The UK’s official statistics watchdog has been rebuked by a heavyweight House of Lords committee for failing to do its job of safeguarding the quality of the UK’s inflation data.

A report from the Lords’ Economic Affairs Committee criticised the failure of the UK Statistics Authority, over the past eight years, to correct well-known problems in the calculation of the Retail Prices Index (RPI).

“The Authority has a statutory duty to promote and safeguard the quality of official statistics. This includes ensuring the accuracy of official statistics. But despite these responsibilities, the Authority has refused repeatedly to correct the problem,” the committee said.

Since 2010, when there was a change in the way clothing prices were averaged, there has been an 0.8 per cent gap, on average, between the annual rate of RPI inflation and the growth of the Consumer Price Index, up from 0.5 per cent previously.

The majority of experts agree that the RPI is upwardly biased.

The UK Statistics Authority, which was formed in 2008, says the reason it has not ordered the Office for National Statistics, which it oversees, to reform the way it calculates RPI is because this would impact many UK Government bond holders, whose payments are linked to RPI, and any reform would require the approval of the Chancellor of the Exchequer.

The chair of the Authority, Sir David Norgrove, informed the committee in his testimony that there was no point doing so because he expected the Chancellor would simply refuse and that it would be a more productive use of his time to put pressure on ministers to stop using the RPI for regulated prices and to use the Consumer Price Index (CPI) instead.
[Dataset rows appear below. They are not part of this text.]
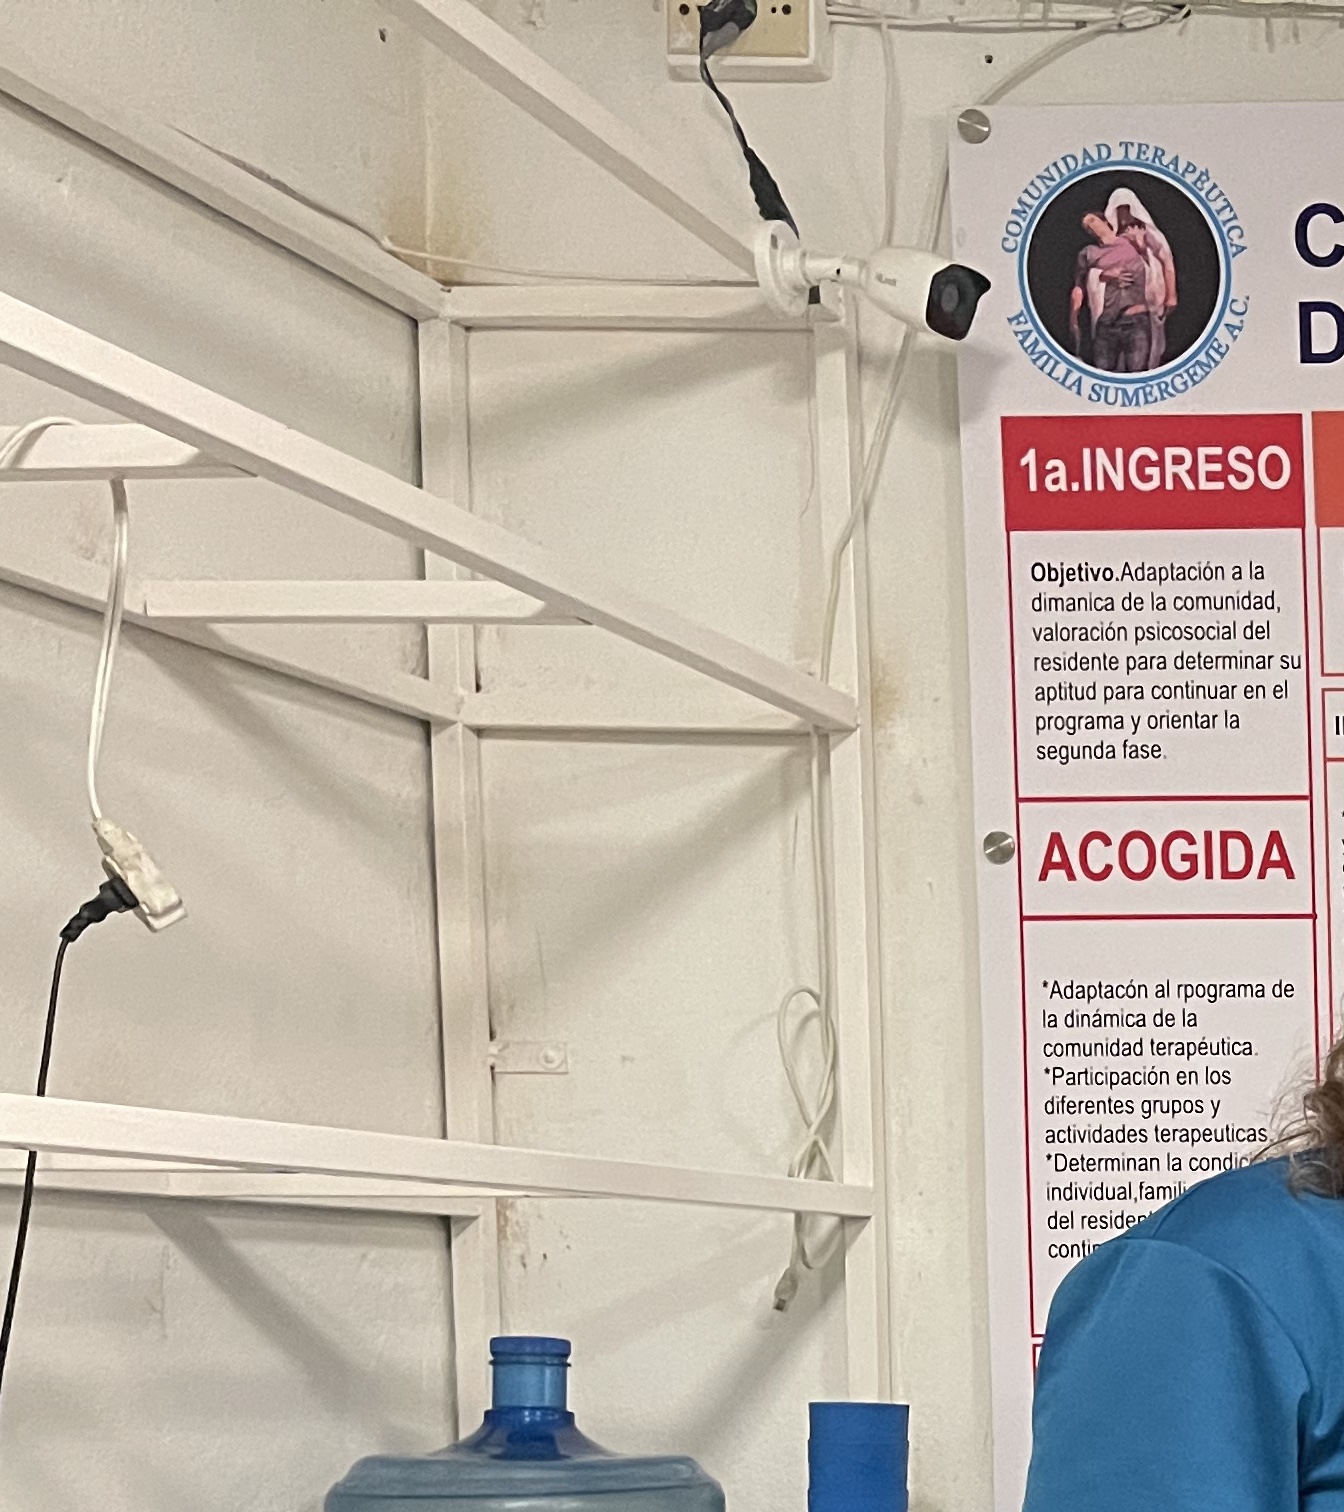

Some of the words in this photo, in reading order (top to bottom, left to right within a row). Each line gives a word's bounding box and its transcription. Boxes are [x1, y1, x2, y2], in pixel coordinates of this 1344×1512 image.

[1001, 143, 1112, 254] COMUNIDAD
[1007, 309, 1083, 397] FAMILIA
[1020, 445, 1290, 492] 1a.INGRESO
[1232, 566, 1242, 580] a
[1250, 561, 1264, 580] la
[1122, 592, 1144, 611] de
[1151, 592, 1166, 611] la
[1174, 590, 1280, 613] comunidad,
[1032, 621, 1127, 641] valoración
[1135, 620, 1236, 645] psicosocial
[1243, 620, 1270, 640] del
[1034, 652, 1119, 671] residente
[1127, 656, 1166, 675] para
[1174, 650, 1274, 670] determinar
[1280, 655, 1301, 669] su
[1035, 681, 1096, 705] aptitud
[1104, 686, 1144, 704] para
[1151, 680, 1237, 699] continuar
[1244, 685, 1265, 699] en
[1273, 680, 1287, 699] el
[1036, 715, 1124, 735] programa
[1131, 715, 1141, 735] y
[1148, 710, 1218, 729] orientar
[1225, 710, 1239, 729] la
[1037, 740, 1115, 765] segunda
[1038, 830, 1295, 881] ACOGIDA
[1155, 979, 1169, 998] al
[1178, 984, 1265, 1003] rpograma
[1272, 980, 1294, 998] de
[1043, 1010, 1057, 1028] la
[1065, 1009, 1146, 1028] dinámica
[1153, 1008, 1175, 1027] de
[1183, 1008, 1197, 1027] la
[1044, 1038, 1143, 1057] comunidad
[1177, 1071, 1198, 1085] en
[1206, 1066, 1231, 1084] los
[1045, 1095, 1134, 1114] diferentes
[1141, 1100, 1204, 1119] grupos
[1211, 1100, 1220, 1119] y
But the committee, which includes two former Chancellors and senior Treasury officials, said this stance was “untenable”.

“Rather than pre-empting the decision of the Chancellor, it should fulfil its statutory duty to promote and safeguard the quality of official statistics and to do that, it should request a fix to the clothing problem,” it said.

“The Chancellor should approve this change regardless of the effects on index-linked gilt holders, holders of which before 2010 received an unwarranted windfall.”

The RPI’s status as a “national statistic” was revoked in 2013, but the ONS continues to compile it because it is required to do so by legislation. The index is used as a benchmark for £435bn of inflation-linked government bonds.

It is also used in the calculation of student loan interest and increases in train fares.

The problem in the RPI relates to a flawed formula and its interaction with a change in the collection of the prices of women’s tops.

It has been estimated that around £1bn a year in excess interest is paid to bond investors by taxpayers due to the 2010 RPI change.

But in other areas the Government has been accused of “inflation shopping” for its own benefit.

The chairman of the Lords committee, Michael Forsyth, said: “When the government gives money to people it is generally opting to adjust payments for inflation using the CPI. But when it takes money from people, it is generally opting to use the RPI, which has been around 1 per cent higher than CPI in recent years. This simply is not fair.”

In response to the Lords committee’s report, the UK Statistics Authority said it agreed that the RPI had “significant shortcomings” and it would “continue to work closely with our counterparts in government and at the Bank of England and respond to the committee”.

The most recent data shows CPI inflation at 2.1 per cent in December 2018 and RPI inflation at 2.7 per cent.